Big Data 265 - Canal Deployment

Canal Introduction

Canal is an open-source data synchronization tool from Alibaba for MySQL database incremental log parsing and synchronization. It simulates the MySQL slave protocol to obtain master binlog logs, enabling real-time data capture and transmission, commonly used for data migration, cache updates, and search engine synchronization.

Environment Preparation

  • Operating system: Linux/Windows/MacOS (Linux recommended)
  • Java environment: JDK 1.8 or above
  • Database environment: MySQL 5.6 or above, with binlog enabled
  • Zookeeper cluster: For distributed coordination (optional)

Canal Installation

My MySQL is on node h122, so I placed Canal on node h123.

Download Project

https://github.com/alibaba/canal/releases

You can use various methods. Here for convenience, I use version 1.1.4.

cd /opt/software
wget https://github.com/alibaba/canal/releases/download/canal-1.1.4/canal.deployer-1.1.4.tar.gz

Configure Project

mkdir /opt/servers/canal
tar -zxvf canal.deployer-1.1.4.tar.gz -C /opt/servers/canal

Modify Configuration

conf/canal.properties

cd /opt/servers/canal
vim conf/canal.properties

This file contains Canal’s basic general settings. Mainly pay attention to the port number. If not changed, the default is 11111. The modified content is as follows:

# Configure zookeeper address
canal.zkServers = h121.wzk.icu:2181,h122.wzk.icu:2181,h123.wzk.icu
# tcp, kafka, RocketMQ
canal.serverMode = kafka
# Configure kafka address
canal.mq.servers = h121.wzk.icu:9092,h122.wzk.icu:9092,h123.wzk.icu

conf/example/instance.properties

cd /opt/servers/canal
vim conf/example/instance.properties

This file is the configuration for the MySQL instance to track:

# Configure the host where MySQL database is located
canal.instance.master.address = h122.wzk.icu:3306
# username/password, configure database username and password
canal.instance.dbUsername = canal
canal.instance.dbPassword = canal
# mq config, corresponding Kafka topic:
canal.mq.topic=dwshow

Start Service

sh bin/startup.sh

Stop Service

sh bin/stop.sh

Notes

The above configuration is standalone mode. You can also build Canal in cluster mode. To build cluster mode, you can distribute the Canal directory to other machines and start Canal separately on each node. This zookeeper observer monitoring mode can achieve high availability rather than load balancing. At any point in time, only one canal-server node can monitor a specific data source. As long as this node works normally, other canal-server nodes monitoring this data source can only be standby until the working node is stopped, and other canal-server nodes can then compete for it.

Canal Cluster Deployment

Cluster Mode Introduction

Canal cluster mode typically combines ZooKeeper for distributed coordination to ensure high availability and load balancing. The following are three common cluster solutions:

  • Standalone instance mode: Multiple Canal instances run independently, suitable for small-scale scenarios.
  • HA mode: Implements master-standby switching based on ZooKeeper to improve reliability.
  • Distributed mode: Combined with Kafka/RocketMQ to achieve higher throughput distributed synchronization.
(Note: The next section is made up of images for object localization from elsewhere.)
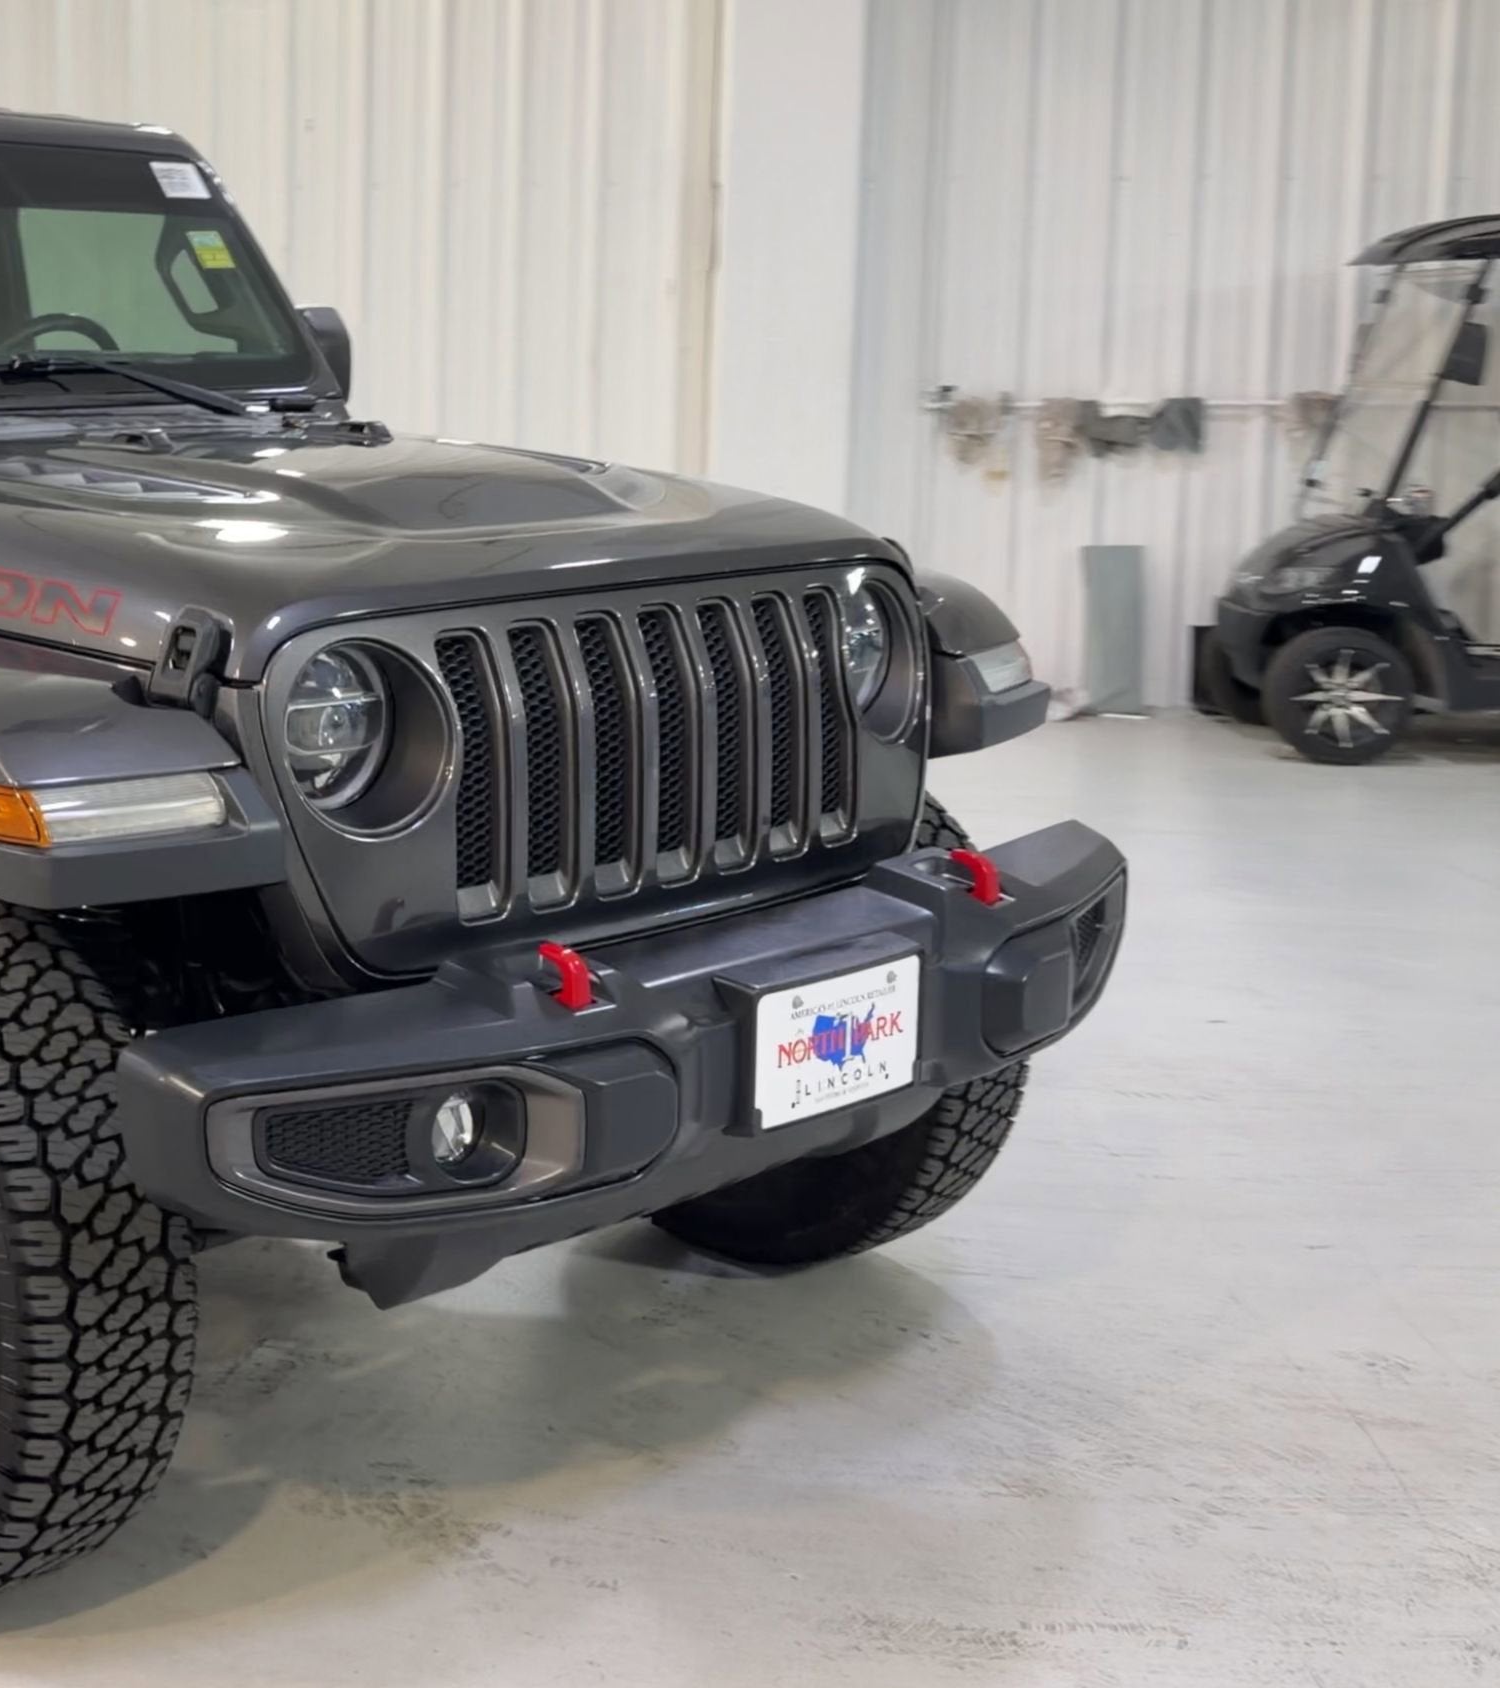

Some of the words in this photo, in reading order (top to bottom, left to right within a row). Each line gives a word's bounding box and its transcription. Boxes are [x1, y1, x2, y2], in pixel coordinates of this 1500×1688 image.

[777, 1026, 847, 1069] NORTH
[852, 1011, 904, 1047] PARK
[804, 1061, 887, 1096] LINCOLN
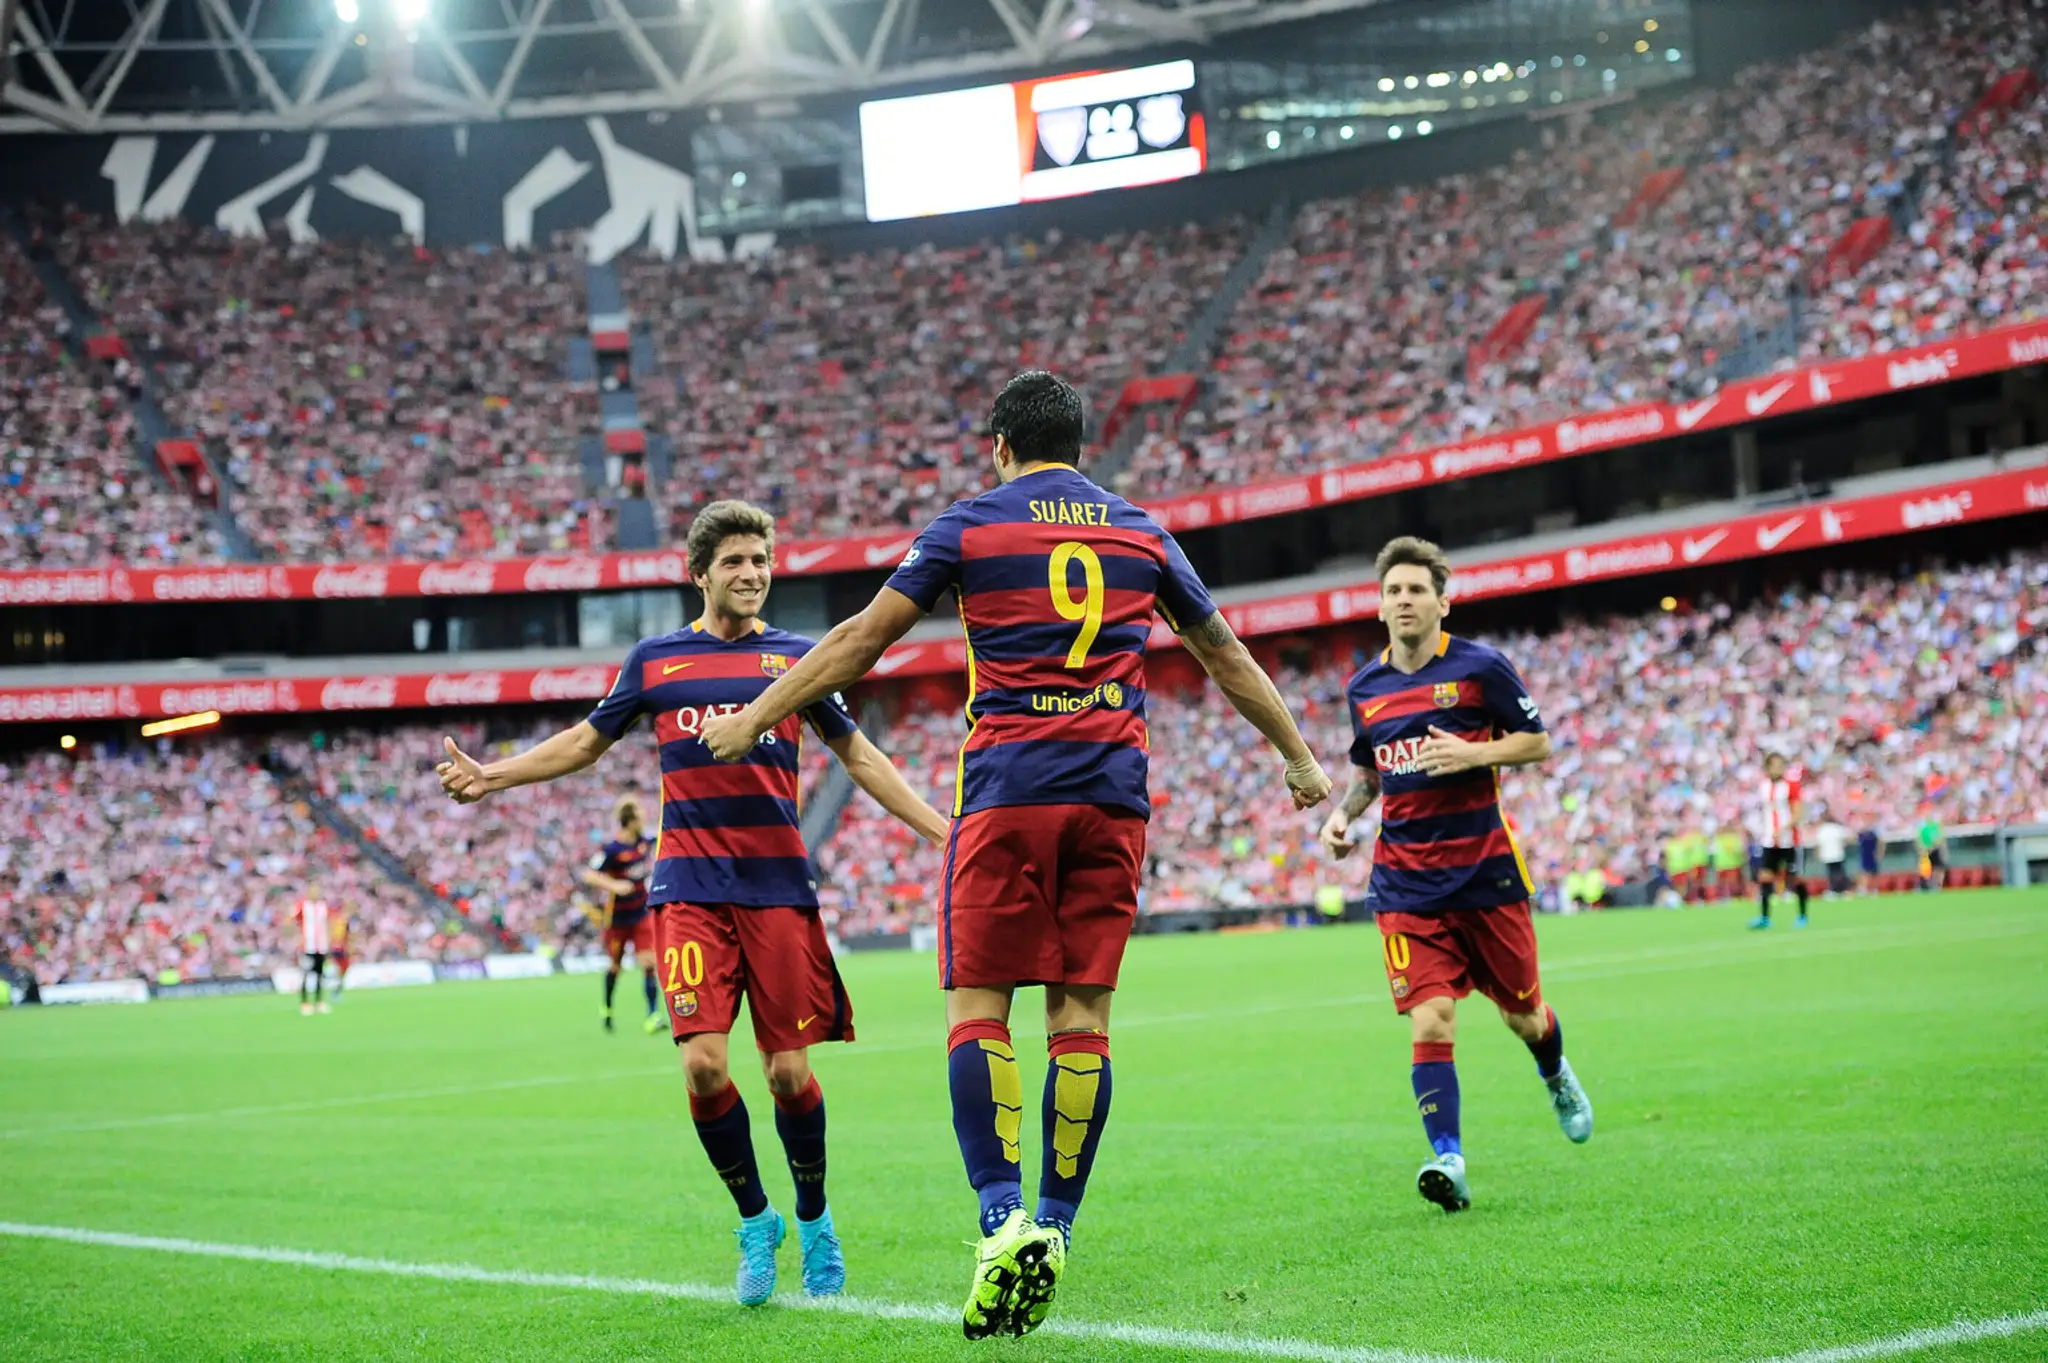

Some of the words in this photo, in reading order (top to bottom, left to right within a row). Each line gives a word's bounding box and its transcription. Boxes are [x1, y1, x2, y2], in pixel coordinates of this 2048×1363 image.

[1029, 498, 1111, 527] SUÁREZ
[153, 570, 268, 599] euskaltel
[1048, 541, 1104, 669] 9
[160, 682, 275, 714] euskaltel
[1032, 684, 1102, 713] unicef
[665, 941, 704, 992] 20
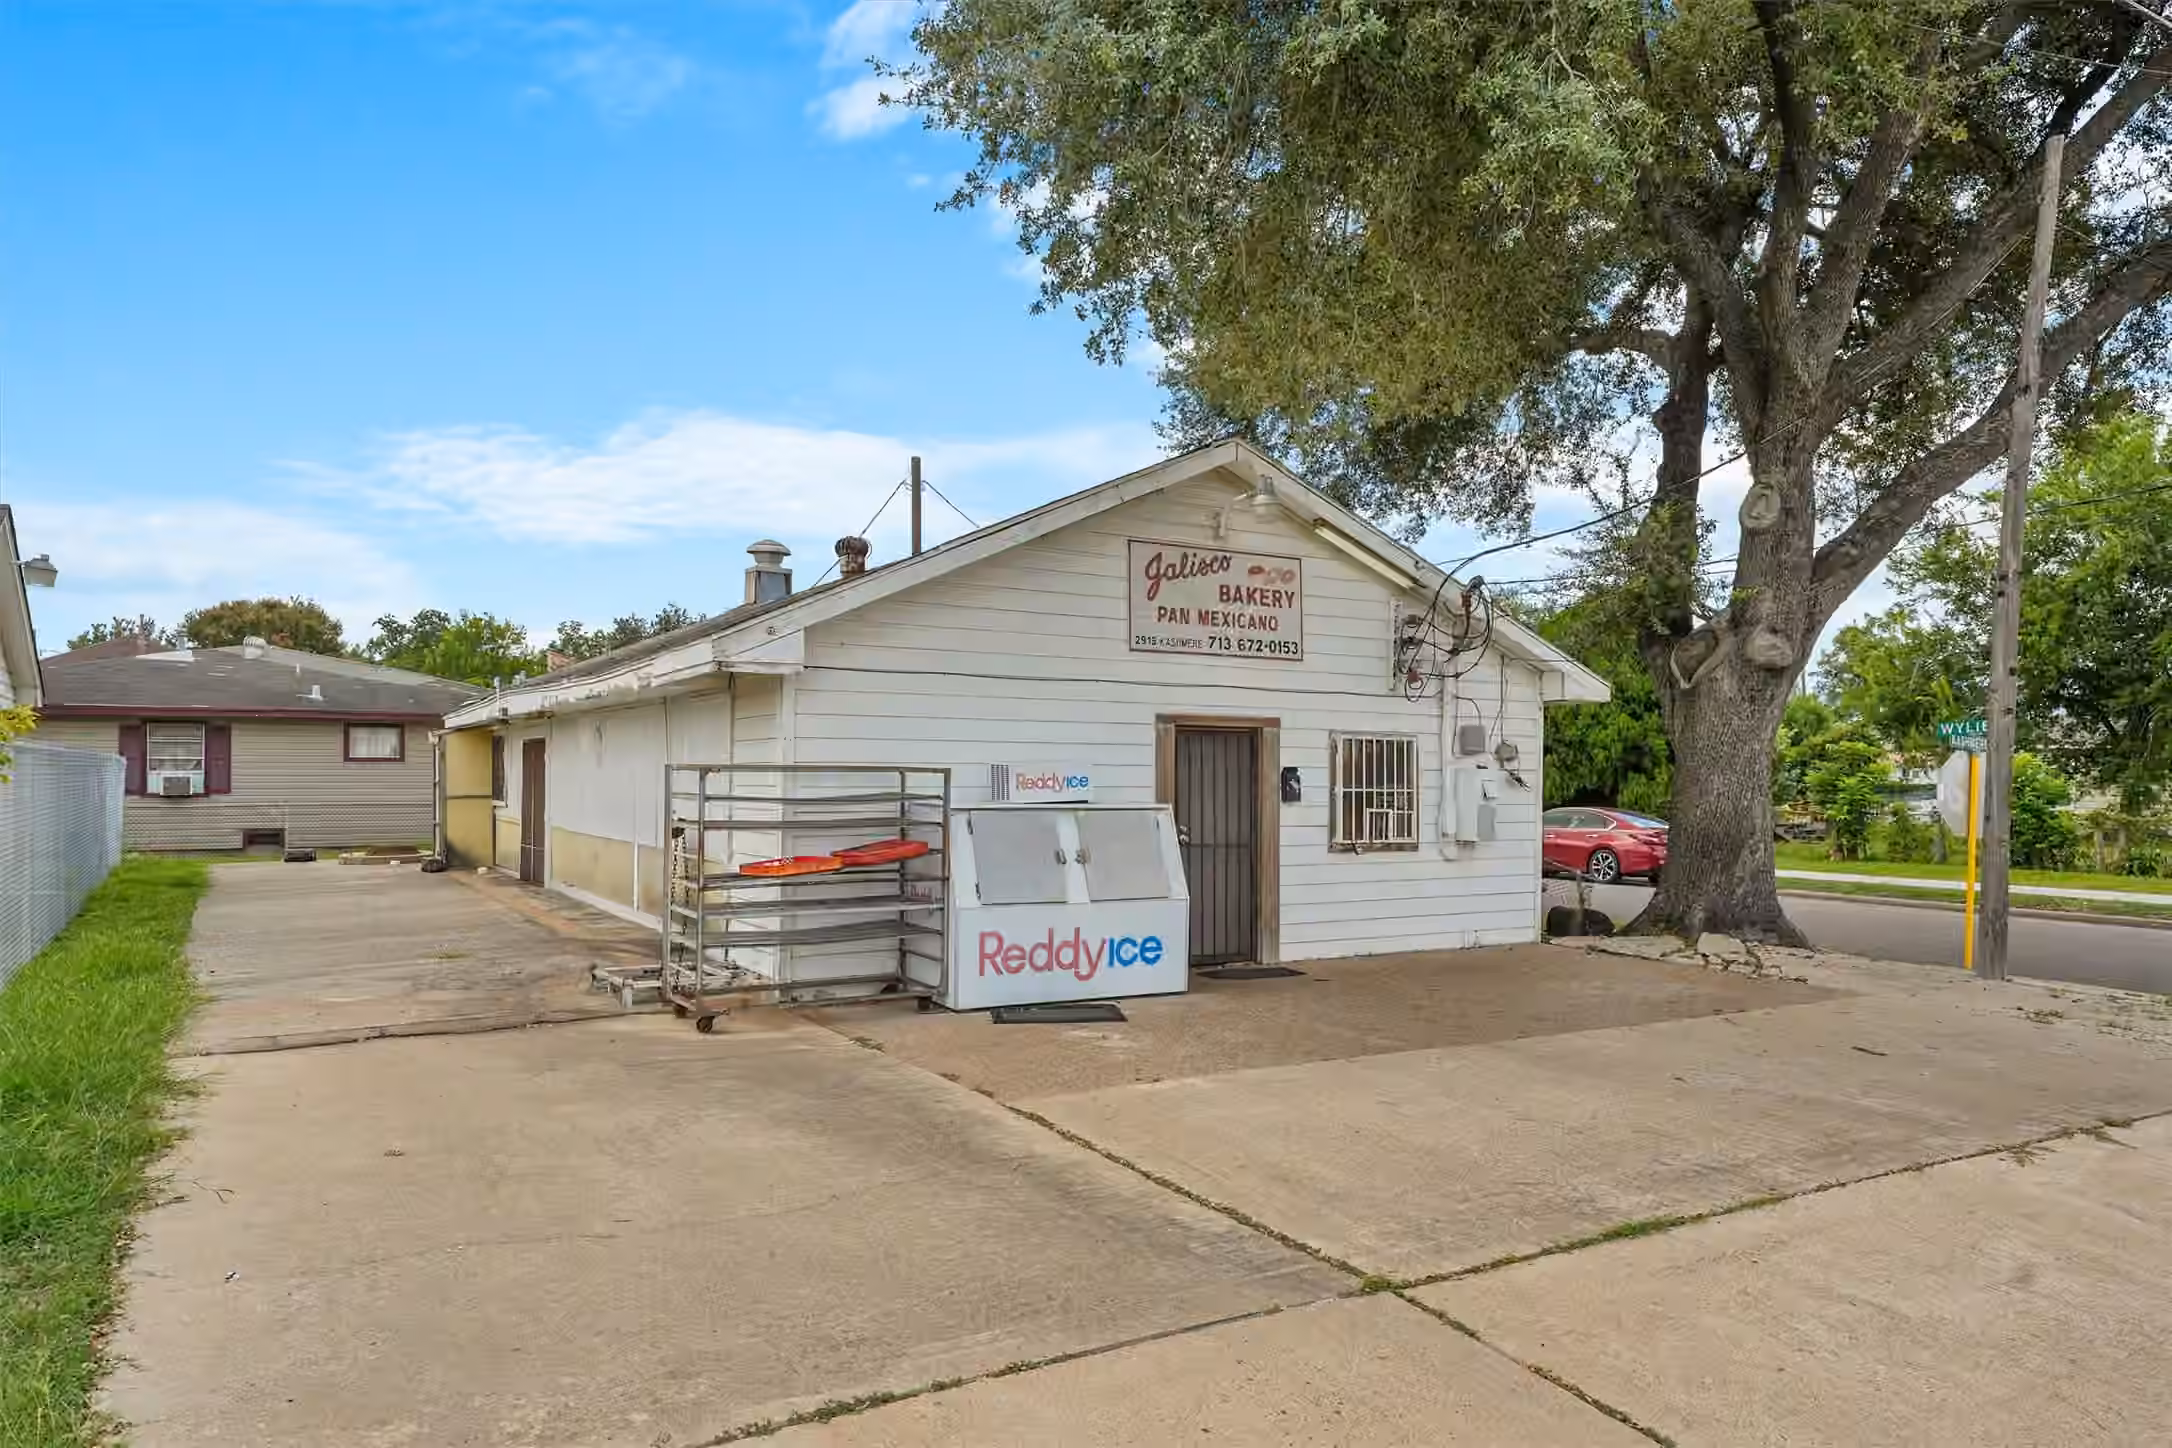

Common Issues and Solutions

Connection Failure

Ensure the database binlog is enabled and set to ROW mode:

SHOW VARIABLES LIKE 'binlog_format';

Ensure Database Permissions are Correct

GRANT SELECT, REPLICATION SLAVE, REPLICATION CLIENT ON *.* TO 'canal'@'%';

Cannot Get Binlog Data

Confirm MySQL log configuration

SHOW VARIABLES LIKE 'log_bin';

High Kafka Consumer Latency

Adjust Kafka partitions and replica numbers to improve consumption rate.

Testing and Monitoring

Client Testing

Download Canal client SDK

<dependency>
    <groupId>com.alibaba.otter</groupId>
    <artifactId>canal.client</artifactId>
    <version>1.1.6</version>
</dependency>

Write code to consume data

CanalConnector connector = CanalConnectors.newSingleConnector(
    new InetSocketAddress("127.0.0.1", 11111), "example", "", "");

connector.connect();
connector.subscribe(".*\\..*");
connector.rollback();

while (true) {
    Message message = connector.get(100);
    for (Entry entry : message.getEntries()) {
        System.out.println(entry.toString());
    }
}

Status Monitoring

Check Canal service status

jps

View log error messages

tail -f logs/canal/canal.log

Use Prometheus or Grafana to monitor Canal service metrics.

Summary

Canal is a powerful data synchronization tool. When combined with clusters and message queues, it can meet complex real-time data synchronization needs. When configuring cluster mode, you need to reasonably plan the coordination between ZooKeeper, Kafka, and Canal instances, and combine monitoring tools to ensure high availability and stability.